I've been really frustrated lately. And no, it's not because of cosleeping. Rather, it's the misunderstanding that exists on cosleeping. So I'm here to clear up a few things. I'm a little tired of people giving me empathetic pats on the shoulder when I say Ender sleeps in bed with us. No, it's no bed of roses. Yes, sometimes Mike and I find ourselves squished on one side with Ender gloriously sprawled on the other. But it was a choice, and one that I am very happy with and am willing to defend. I'm going to give you my take on it, which because this is a blog, I refuse to qualify with sources. You'll just have to believe me that I've read a lot on the subject.
First of all, the idea of training our babies to sleep independently is a relatively new one. Cribs as we know them today started appearing en masse in the victorian era. This was in response to the belief that it was genteel not to know anything about the going ons of your children. Some women would fake it, others would actually avoid their kids. Some believe this is due to Queen Victoria, who was quite publicly disinterested in children generally, and her own children specifically. Before this, bed sharing, aka 'family bed' was the norm. If there was no space in mom and dad's bed, then the kids would go into bed with siblings. Protestants, with their sexual moralizing and beliefs about corporeal punishment, saw a separate bed for a baby as a good idea. It would foster the strength and independence that they valued. It should be noted during this period of time that toddlers were having their gums excised (sliced open) and many died of sepsis, and people suffering from depression were locked into lunatic asylums and hosed down with water on a regular basis as part of treatment. It wasn't the forerunning times for medicine, let alone child psychology.
So, with the seperate accomodations came long nights of crying and clingy children. This was alright though, because most Victorian homes had at least one servant, who could stay up with the kid and be exhausted in the morning. I'm sure if it was the servant's choice, the child would be in bed with them and there are accounts of this occuring. As was common with the time, the moralized practice was bolstered with pseudo science, Ms. Beeton, in her tome on household management was quite authorative on the subject, claiming it was unhealthful for a mother to sleep with her babe, who would suck her dry like a "little vampire".
While crib sleeping has dragged on as a cultural norm, medical research has been unclear on whether crib sleeping is safer than bed sharing. While the APA says cosleeping is a good idea, this is technically only having the crib in the same room as you (ie. not in a nursery). For those who oppose bed sharing, the data is quite clear: cases of SIDS are frequently caused by bedsharing. People in beds that are too small, who are under the influence of drugs or alcohol, who smoke, who formula feed, or who are obese are at particular risk. Proponents of bed sharing however, have astoundingly more evidence.
First of all SIDS is not the same as rolling on your baby. This is suffocation. SIDS is unexplained infant death, and also happens when babies are put in cribs by themselves. Secondly, babies who sleep with their mothers rarely roll on their tummies (because this would move them away from the breast) which has been established as a contravening variable in SIDS. Synchronous breathing has been associated with bed sharing. The part of babies' brains that reminds them to breathe regularly is not fully established, and when close to their mother they are 'reminded' to breathe. Also, infants who cosleep do not go as long without nursing, which can be very helpful to working mothers whose babes refuse the bottle, and whose supply is threatened by exclusive pumping. The 'distractable baby' also will eat better when in a state of half-sleep, which means distracted feedings during the day are less of an issue.
Now I state all of this as though I am against the crib, which I'm not. Some children will happily sleep in their crib from sunset to sunrise with nary a complaint. However, the environment which we have created where images of sleep-deprived parents walk like zombies around the house, trying to rock their seven, eight, twelve month old babes to sleep need not be the only reality. My troubles with sleep started with trying to obey the norms that were enforced by my peers, and ended with my acceptance that my life is now baby-led. There is a certain amount of peace in that.

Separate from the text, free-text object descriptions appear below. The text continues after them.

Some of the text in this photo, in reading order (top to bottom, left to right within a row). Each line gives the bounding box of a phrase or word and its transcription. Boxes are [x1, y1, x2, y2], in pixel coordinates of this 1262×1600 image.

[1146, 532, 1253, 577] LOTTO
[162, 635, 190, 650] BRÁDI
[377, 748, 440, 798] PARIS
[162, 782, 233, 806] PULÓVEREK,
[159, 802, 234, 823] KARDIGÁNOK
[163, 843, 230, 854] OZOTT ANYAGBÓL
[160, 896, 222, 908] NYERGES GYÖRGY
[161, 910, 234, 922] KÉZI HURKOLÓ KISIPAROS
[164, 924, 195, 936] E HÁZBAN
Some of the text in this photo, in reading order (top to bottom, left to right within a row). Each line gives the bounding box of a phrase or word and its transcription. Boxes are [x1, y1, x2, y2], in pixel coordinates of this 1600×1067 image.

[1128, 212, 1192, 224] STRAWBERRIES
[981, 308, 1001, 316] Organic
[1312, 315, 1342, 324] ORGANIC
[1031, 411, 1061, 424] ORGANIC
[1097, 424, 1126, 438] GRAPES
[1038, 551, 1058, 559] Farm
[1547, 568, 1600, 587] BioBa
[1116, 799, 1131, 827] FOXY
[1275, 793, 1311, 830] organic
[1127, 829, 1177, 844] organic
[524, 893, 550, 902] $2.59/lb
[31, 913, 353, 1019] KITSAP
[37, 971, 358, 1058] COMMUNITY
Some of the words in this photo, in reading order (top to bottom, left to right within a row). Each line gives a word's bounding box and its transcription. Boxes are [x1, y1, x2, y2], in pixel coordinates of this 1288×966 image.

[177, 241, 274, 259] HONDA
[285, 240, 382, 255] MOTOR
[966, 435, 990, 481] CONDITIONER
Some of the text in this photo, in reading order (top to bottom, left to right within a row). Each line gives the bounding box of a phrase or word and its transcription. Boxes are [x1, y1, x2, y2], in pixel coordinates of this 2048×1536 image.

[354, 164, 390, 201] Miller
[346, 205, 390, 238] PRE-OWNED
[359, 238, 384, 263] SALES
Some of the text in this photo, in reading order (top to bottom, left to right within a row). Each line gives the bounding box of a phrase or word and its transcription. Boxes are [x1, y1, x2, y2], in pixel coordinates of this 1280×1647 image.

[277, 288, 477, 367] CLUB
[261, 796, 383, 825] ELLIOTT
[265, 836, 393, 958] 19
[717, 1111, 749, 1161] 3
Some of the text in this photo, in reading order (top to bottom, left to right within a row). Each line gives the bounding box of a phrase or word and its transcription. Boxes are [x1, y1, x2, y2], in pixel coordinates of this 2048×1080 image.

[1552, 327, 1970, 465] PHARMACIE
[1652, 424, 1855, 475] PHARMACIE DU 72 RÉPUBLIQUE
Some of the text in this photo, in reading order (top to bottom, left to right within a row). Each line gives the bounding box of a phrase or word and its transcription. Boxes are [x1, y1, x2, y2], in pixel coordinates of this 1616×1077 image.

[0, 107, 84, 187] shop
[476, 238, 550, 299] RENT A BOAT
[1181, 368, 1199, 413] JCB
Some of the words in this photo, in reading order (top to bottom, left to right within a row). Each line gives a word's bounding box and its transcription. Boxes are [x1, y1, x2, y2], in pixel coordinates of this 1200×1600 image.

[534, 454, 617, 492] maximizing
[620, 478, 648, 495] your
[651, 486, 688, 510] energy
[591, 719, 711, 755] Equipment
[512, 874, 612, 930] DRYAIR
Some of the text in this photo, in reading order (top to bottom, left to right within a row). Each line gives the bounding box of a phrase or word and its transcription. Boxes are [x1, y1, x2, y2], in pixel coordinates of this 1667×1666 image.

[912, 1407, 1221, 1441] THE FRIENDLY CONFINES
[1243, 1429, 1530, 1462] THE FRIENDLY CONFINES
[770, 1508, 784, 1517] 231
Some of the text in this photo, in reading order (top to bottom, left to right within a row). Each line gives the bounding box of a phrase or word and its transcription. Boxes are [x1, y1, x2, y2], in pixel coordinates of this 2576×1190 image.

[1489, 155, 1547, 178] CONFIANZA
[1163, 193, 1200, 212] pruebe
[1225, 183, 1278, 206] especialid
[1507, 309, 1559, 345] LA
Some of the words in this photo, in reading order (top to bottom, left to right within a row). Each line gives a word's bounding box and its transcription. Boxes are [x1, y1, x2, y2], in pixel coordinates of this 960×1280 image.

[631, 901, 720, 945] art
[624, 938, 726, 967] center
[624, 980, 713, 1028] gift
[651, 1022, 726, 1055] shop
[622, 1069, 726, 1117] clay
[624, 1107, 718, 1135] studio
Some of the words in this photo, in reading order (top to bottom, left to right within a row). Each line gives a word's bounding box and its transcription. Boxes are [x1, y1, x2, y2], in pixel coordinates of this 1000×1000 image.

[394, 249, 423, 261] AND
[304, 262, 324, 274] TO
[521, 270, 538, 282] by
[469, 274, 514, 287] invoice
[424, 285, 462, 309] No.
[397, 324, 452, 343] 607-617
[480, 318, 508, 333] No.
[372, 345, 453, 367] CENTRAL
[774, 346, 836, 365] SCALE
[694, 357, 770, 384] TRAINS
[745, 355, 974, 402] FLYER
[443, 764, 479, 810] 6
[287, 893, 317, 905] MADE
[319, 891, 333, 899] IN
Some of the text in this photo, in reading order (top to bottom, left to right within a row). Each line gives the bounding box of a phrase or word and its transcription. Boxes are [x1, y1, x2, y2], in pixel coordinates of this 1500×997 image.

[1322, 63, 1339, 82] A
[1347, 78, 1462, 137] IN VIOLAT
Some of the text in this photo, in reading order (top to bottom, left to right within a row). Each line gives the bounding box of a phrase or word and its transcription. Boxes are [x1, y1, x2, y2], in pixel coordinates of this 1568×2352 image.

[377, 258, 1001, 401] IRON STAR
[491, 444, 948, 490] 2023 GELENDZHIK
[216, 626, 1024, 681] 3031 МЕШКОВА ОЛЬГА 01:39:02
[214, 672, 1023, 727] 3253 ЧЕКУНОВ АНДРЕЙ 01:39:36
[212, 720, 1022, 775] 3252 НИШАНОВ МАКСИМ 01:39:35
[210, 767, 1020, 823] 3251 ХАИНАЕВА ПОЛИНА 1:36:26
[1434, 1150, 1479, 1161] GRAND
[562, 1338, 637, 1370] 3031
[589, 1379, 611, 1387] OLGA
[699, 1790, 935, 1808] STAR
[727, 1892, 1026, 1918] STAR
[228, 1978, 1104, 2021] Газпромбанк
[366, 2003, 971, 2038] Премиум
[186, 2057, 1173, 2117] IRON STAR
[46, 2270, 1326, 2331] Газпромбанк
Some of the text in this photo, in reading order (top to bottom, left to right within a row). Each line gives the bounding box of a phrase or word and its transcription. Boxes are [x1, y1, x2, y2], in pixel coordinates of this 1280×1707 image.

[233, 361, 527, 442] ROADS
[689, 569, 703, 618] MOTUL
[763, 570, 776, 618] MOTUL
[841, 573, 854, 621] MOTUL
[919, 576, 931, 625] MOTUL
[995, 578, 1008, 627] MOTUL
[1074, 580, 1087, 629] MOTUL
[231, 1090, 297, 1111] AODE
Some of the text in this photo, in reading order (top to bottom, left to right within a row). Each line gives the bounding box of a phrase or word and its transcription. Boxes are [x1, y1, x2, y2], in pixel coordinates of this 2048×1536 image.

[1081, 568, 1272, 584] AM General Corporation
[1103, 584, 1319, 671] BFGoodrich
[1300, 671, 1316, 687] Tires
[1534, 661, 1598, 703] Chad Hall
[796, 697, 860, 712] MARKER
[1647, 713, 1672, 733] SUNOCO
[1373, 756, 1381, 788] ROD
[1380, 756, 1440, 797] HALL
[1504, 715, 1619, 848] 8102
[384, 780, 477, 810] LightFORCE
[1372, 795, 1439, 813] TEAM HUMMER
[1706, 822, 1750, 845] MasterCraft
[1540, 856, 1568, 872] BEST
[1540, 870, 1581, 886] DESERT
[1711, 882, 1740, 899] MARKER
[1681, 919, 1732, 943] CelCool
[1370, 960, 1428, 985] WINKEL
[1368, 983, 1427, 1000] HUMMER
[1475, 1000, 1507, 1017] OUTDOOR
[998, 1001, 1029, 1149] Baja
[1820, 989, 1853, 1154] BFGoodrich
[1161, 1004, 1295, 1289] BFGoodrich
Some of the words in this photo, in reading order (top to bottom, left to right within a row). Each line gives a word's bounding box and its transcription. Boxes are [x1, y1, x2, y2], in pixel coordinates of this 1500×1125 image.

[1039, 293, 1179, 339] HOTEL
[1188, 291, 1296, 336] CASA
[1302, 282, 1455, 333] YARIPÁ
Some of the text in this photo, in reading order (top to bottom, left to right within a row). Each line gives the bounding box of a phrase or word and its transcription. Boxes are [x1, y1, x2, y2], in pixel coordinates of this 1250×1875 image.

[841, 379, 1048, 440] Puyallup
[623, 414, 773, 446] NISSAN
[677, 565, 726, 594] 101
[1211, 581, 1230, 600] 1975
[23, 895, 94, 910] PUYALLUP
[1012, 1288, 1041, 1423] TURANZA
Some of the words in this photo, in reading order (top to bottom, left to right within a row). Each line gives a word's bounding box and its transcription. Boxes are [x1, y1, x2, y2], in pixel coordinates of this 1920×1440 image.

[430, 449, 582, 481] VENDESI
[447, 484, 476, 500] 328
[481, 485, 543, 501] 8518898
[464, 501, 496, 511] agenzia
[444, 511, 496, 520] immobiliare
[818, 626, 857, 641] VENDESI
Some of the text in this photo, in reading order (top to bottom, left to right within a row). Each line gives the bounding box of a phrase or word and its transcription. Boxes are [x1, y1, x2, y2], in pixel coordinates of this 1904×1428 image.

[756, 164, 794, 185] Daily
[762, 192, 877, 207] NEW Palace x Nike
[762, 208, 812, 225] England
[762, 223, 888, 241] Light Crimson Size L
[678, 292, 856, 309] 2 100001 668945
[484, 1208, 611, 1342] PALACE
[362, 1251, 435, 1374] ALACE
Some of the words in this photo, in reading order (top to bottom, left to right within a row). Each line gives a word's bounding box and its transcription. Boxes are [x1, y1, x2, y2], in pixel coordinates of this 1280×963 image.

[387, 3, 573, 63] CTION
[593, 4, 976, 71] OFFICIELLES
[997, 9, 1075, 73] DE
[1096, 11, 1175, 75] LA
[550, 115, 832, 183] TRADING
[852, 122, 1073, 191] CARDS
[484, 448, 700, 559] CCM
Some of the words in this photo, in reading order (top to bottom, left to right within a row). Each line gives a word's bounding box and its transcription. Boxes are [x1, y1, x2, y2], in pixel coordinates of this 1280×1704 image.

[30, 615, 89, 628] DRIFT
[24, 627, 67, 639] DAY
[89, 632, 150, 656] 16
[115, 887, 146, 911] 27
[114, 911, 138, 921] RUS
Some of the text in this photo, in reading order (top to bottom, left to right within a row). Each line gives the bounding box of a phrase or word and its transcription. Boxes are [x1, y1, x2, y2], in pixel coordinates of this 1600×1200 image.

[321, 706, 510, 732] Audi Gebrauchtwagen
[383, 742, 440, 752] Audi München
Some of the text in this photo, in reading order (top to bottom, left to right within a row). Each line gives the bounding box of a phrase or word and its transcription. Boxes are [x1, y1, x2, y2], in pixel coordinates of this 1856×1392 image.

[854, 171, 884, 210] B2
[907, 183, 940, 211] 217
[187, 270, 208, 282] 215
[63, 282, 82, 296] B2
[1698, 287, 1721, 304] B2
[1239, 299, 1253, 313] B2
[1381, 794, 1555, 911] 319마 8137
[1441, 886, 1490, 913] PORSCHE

So, understandably it is frustrating when I am asked repeatedly 'How is the baby sleeping?'. 'Great!" I respond, truly meaning it. I don't get to sleep in, but I almost always get a minimum of 8 hours. If not, it's my own fault. 'Has he started sleeping in the crib yet?" They ask me sadly, as though I've failed in some way. I wish their was some succinct way of explaining that I haven't tried in months, that even if he would sleep in his crib, I'm not sure that I'd want him to. I remember when he was a very young baby, and would sleep perfectly fine on his own for hours at a time, how poor my sleep was. I'd wake every hour, checking that his little hands hadn't covered his face, that he hadn't been crying and I hadn't heard. I wish I could express the reassurance that is felt when I reach out and feel his little chest rising and falling in perfect tempo.
I never intended to have a family bed. The idea seemed strange and foreign and dangerous. But then again, so did breastfeeding, and now I can't imagine being without it as the greatest parenting tool I have at my disposal.
But there is no way to explain it, no more than I could convince someone that there's not a God, or that someone could convince me that what I'm doing is wrong. It's just the way things are. So ends my rant, and my explanation.